Shares of the tech giant are down 3 percent over the last week, and are off 10 percent year-to-date. However, some traders are taking a bullish view of Qualcomm two weeks before it reports its earnings.
On Wednesday, when the stock's options volume was 1.5 times its daily average, one trader put on a large bet that Qualcomm will rally over 5 percent in the next nine months.
Specifically, a trader bought 20,000 contracts of the January 70-strike calls for $3.52 and paid for some of the trade by selling the same amount of the January 60-strike puts for $2.72, thus making the net cost 80 cents. Since each contract controls 100 shares, the trader is wagering $1.6 million that Qualcomm will trade above $70.80 by January.

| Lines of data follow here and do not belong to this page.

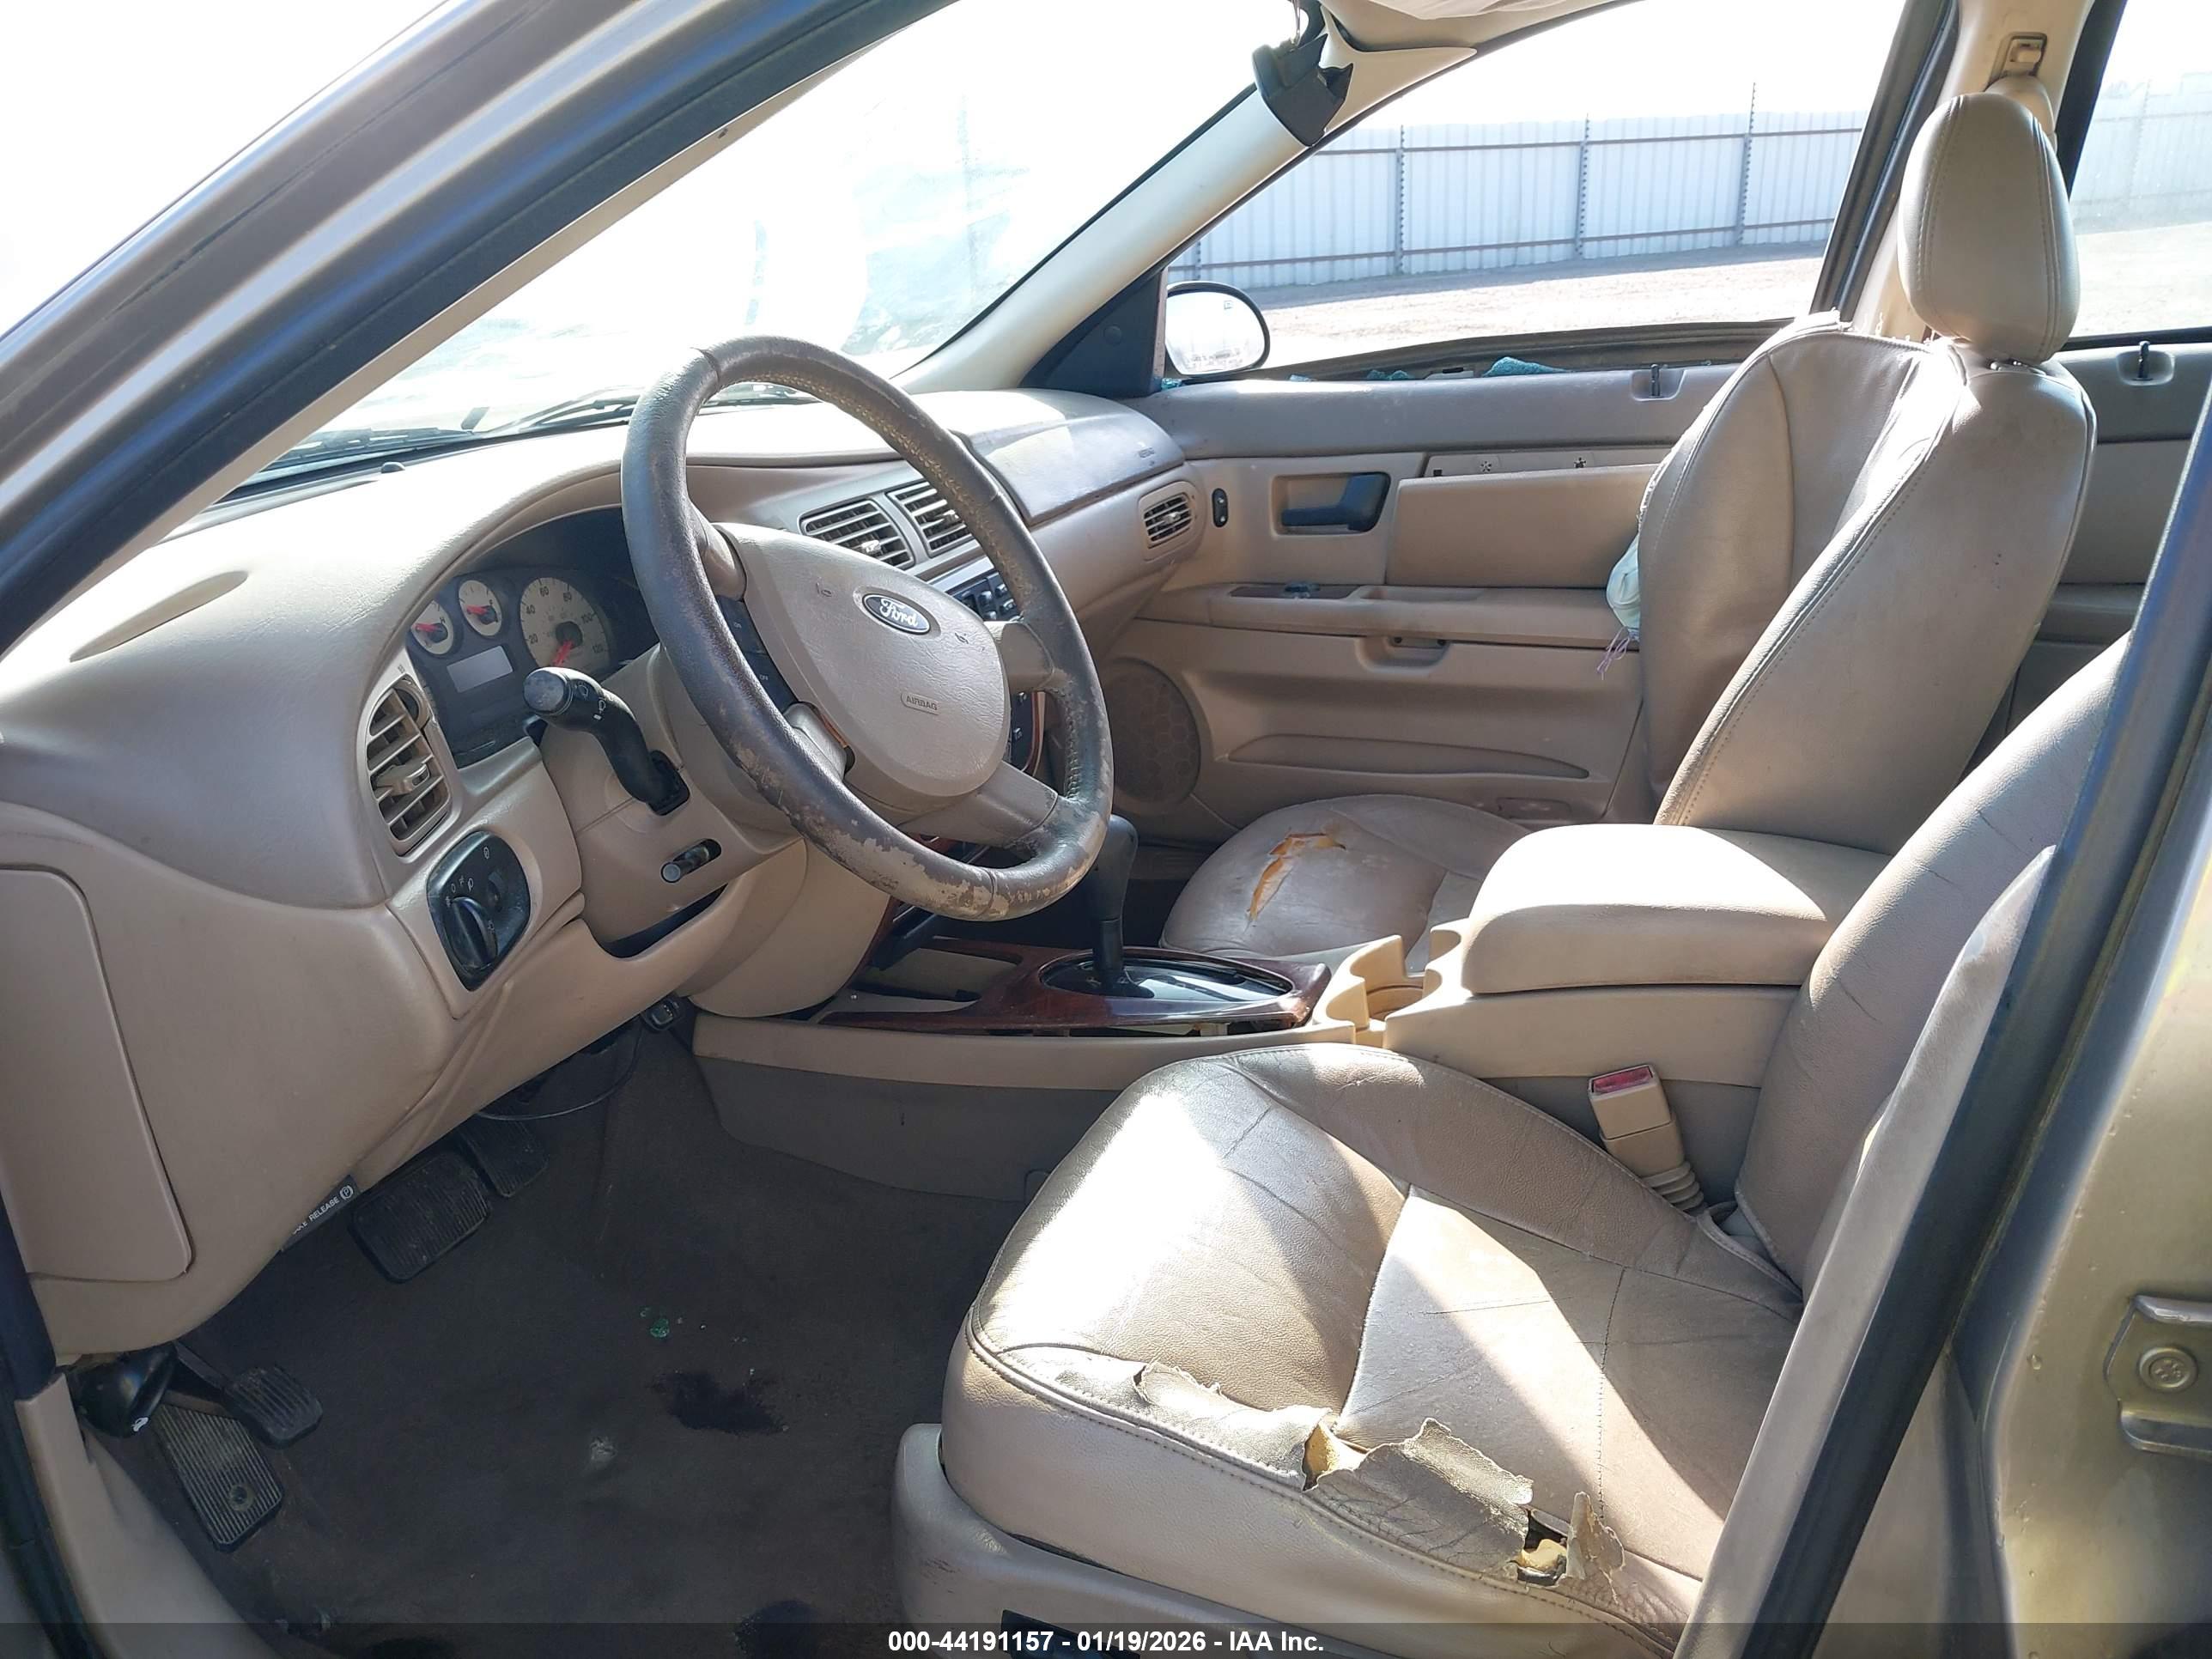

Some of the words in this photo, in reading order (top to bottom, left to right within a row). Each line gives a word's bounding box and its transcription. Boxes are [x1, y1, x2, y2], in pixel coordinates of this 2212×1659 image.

[539, 586, 549, 597] 60
[526, 604, 535, 615] 40
[879, 598, 918, 627] Ford
[528, 633, 538, 645] 20
[906, 695, 938, 711] AIRBAG
[308, 1196, 339, 1222] RELEASE

A call gives the purchaser the right to buy a stock at a specific price on or before a set date while a put gives its owners the right to sell.
In this particular strategy, known as a risk reversal, the trader breaks even if Qualcomm is above $70.80. Below that price, the trader loses the $1.6 million in premium paid. And should the stock fall below $60 any time before January, the trader could be forced to buy 2 million shares of the stock at that level even if it trades cheaper in the market.
According to Nathan, the trader may have been eying a four-year chart of Qualcomm that has $60 as a long-term support and $70 as resistance.
From the late 2012 to last quarter of 2013, the stock remained in that range but then rallied to nearly $82 by July 2014. Since then, however, it has been on the decline and stayed between $66 and $70 this month.
"They're looking to define a wide range where they have exposure to upside and to the downside," said Nathan.
According to data compiled by FactSet, the average analyst target for Qualcomm is $75.87, down from their average target of $85.90 a year ago.